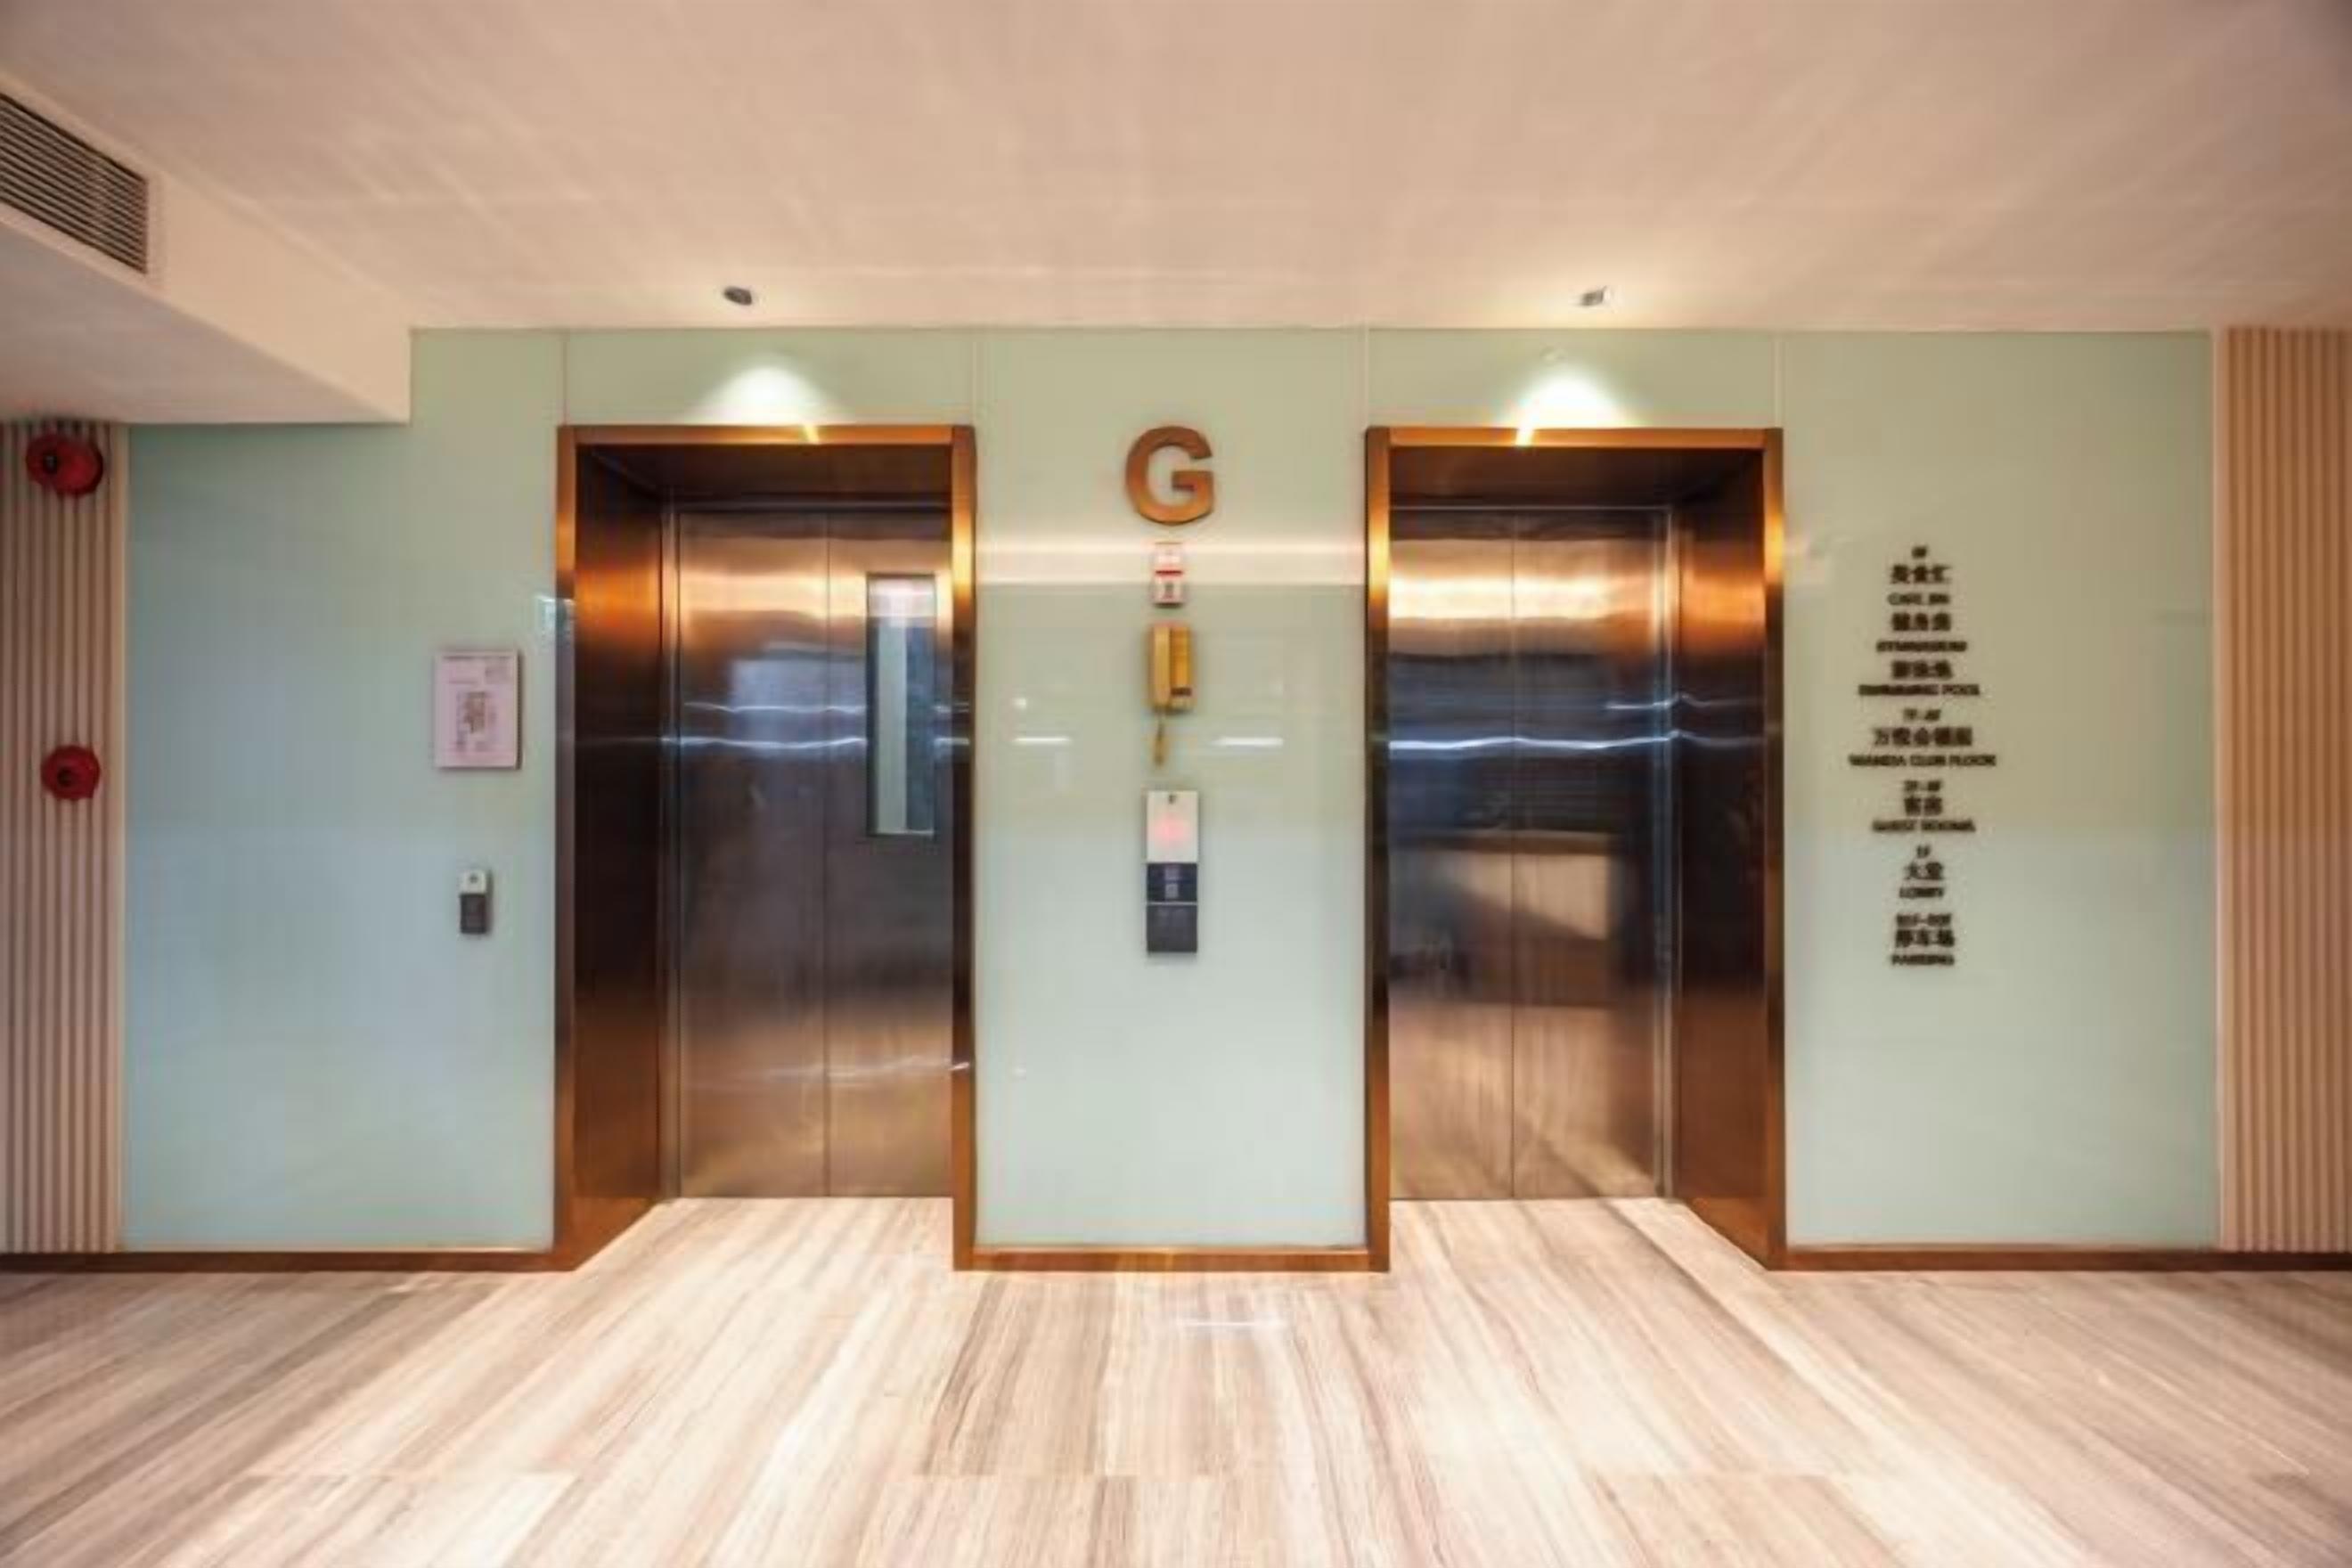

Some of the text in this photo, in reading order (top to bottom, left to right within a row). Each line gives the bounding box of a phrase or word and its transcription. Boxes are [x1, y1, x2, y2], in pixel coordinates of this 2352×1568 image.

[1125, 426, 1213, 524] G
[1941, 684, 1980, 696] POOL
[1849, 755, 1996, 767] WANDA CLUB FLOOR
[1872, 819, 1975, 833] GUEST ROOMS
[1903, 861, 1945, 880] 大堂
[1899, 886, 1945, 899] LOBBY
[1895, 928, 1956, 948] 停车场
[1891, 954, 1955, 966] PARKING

──────────────────────────────

_What you are asked to do_. Give the data again exactly as it appears, but without any images.

_Solution to the exercise_.
Some of the text in this photo, in reading order (top to bottom, left to right within a row). Each line gives the bounding box of a phrase or word and its transcription. Boxes are [x1, y1, x2, y2], in pixel coordinates of this 2352×1568 image.

[1125, 426, 1213, 524] G
[1941, 684, 1980, 696] POOL
[1849, 755, 1996, 767] WANDA CLUB FLOOR
[1872, 819, 1975, 833] GUEST ROOMS
[1903, 861, 1945, 880] 大堂
[1899, 886, 1945, 899] LOBBY
[1895, 928, 1956, 948] 停车场
[1891, 954, 1955, 966] PARKING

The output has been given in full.